Il faudrait qu’un jour quelqu’un écrive un mode d’emploi pour comprendre quelque chose aux relations amoureuses, parce que désolée, mais là ça devient trop compliqué. Je passe mon tour. Rappelez-moi quand vous aurez compris quelque chose à tout ça. En attendant, je vais continuer de vivre dans mon monde parallèle pendant encore deux mois avant de me reprendre en pleine gueule le retour en France. Pour une fois j’ai envie d’être égoïste, de fermer les yeux et faire ce qui me plaît. Après tout, pour une fois que je maîtrise ma vie, pourquoi ne pas foncer et aller jusqu’au bout, en profiter à fond, puisque de toute façon ce n’est que provisoire ? Après, promis, en France je redeviendrai sage et bien rangée dans ma petite vie. Enfin, en attendant de repartir, à New York, à Rio ou pourquoi pas à Cuba ? 😉

Et même si ça n’arrive pas, ça fait tellement de bien de rêver, comme Moby dans Dream About Me.

L’amour, la raison, l’amour, la raison, l’amour…. Comment on fait pour choisir ?! Pourquoi il faut toujours qu’il y ait des dommages collatéraux dans l’histoire ? Pourquoi le bonheur de quelqu’un fait le malheur d’un autre ? Est-ce que ça va être ça tout le temps ? Est-ce qu’on doit toujours se choisir soi-même, et sacrifier le reste du monde ?

J’essaie de me dire que ce n’est que passager, c’est parce que c’est interdit que ça me fait rêver, mais plus le temps passe et plus je me dis que je suis en train d’écrire malgré moi les premières lignes d’une grande histoire. Et tous ces signes qui semblent venir de je ne sais où, ce truc inexplicable qui se passe, qui paraît si fou et si évident à la fois, toutes ces choses qui me font dire que ce qu’il se passe doit se passer, que ça devait arriver. 

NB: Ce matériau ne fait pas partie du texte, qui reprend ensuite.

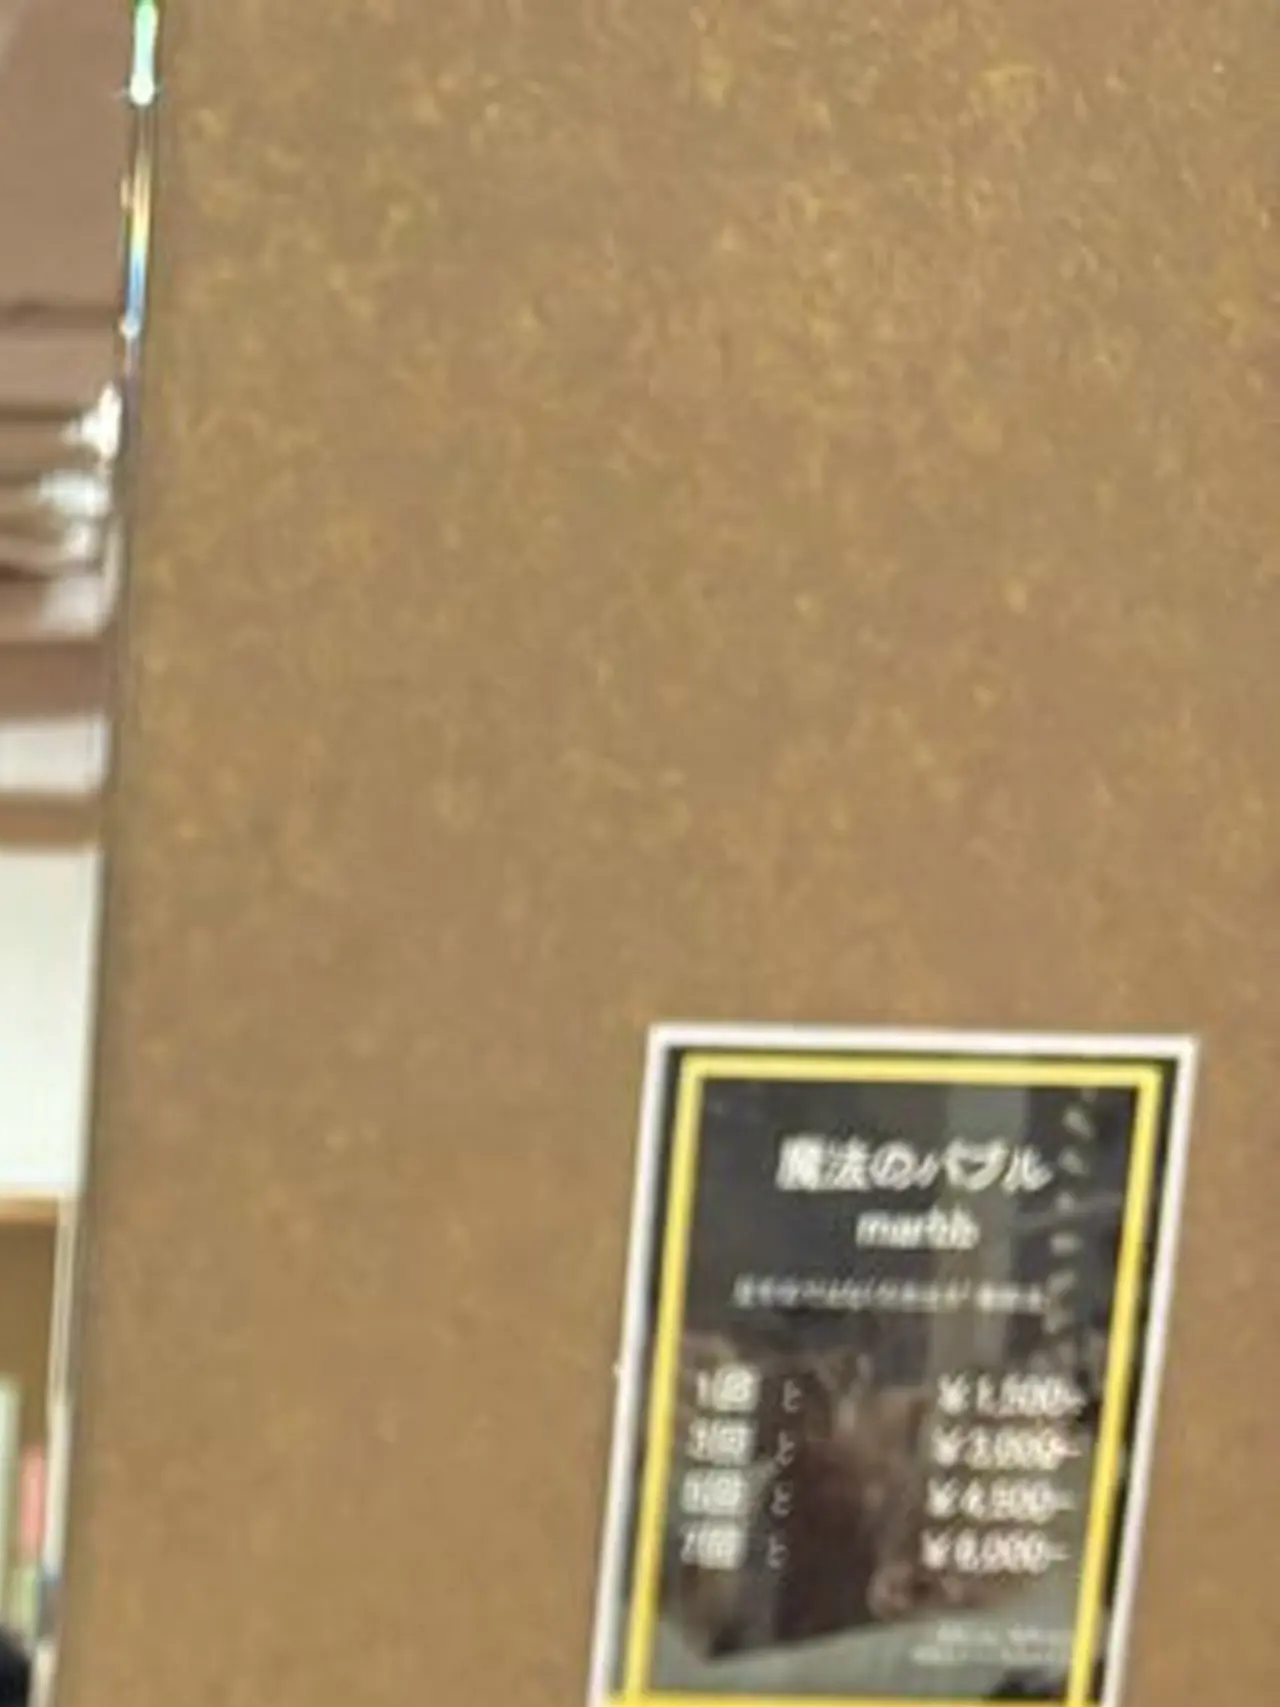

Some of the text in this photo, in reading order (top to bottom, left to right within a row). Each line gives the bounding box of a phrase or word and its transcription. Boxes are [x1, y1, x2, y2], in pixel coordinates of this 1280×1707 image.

[776, 1133, 1054, 1193] 魔法のバブル

Et puisque j’ai décidé de prendre ma vie en main, autant aller jusqu’au bout. J’en ai assez de faire les choses à moitié, alors maintenant je me lance : je change tout, je recommence à zéro. Ça fait mal aux autres, je sais, mais c’est certainement mieux que rester enfermée dans sa vie monotone pour faire plaisir à tout le monde. Je ne sais pas où je vais, ni dans quoi je me lance, mais personne ne pourra m’arrêter. Pas même moi. Je fonce les yeux fermés, profitant de chaque moment de bonheur qu’on pourra partager. Je me sens tellement invincible, tellement forte, tellement moi. 

ให้เดินทางไปทั่วโลกเข้าด้วยกันกับความงามของฉัน

On s’était fait une promesse, il y a 11 ans, et on l’a fait. Je m’étais faite une promesse, et je l’ai tenue. Je me suis choisie. A moi aujourd’hui, de suivre cette voie pour le reste de ma vie.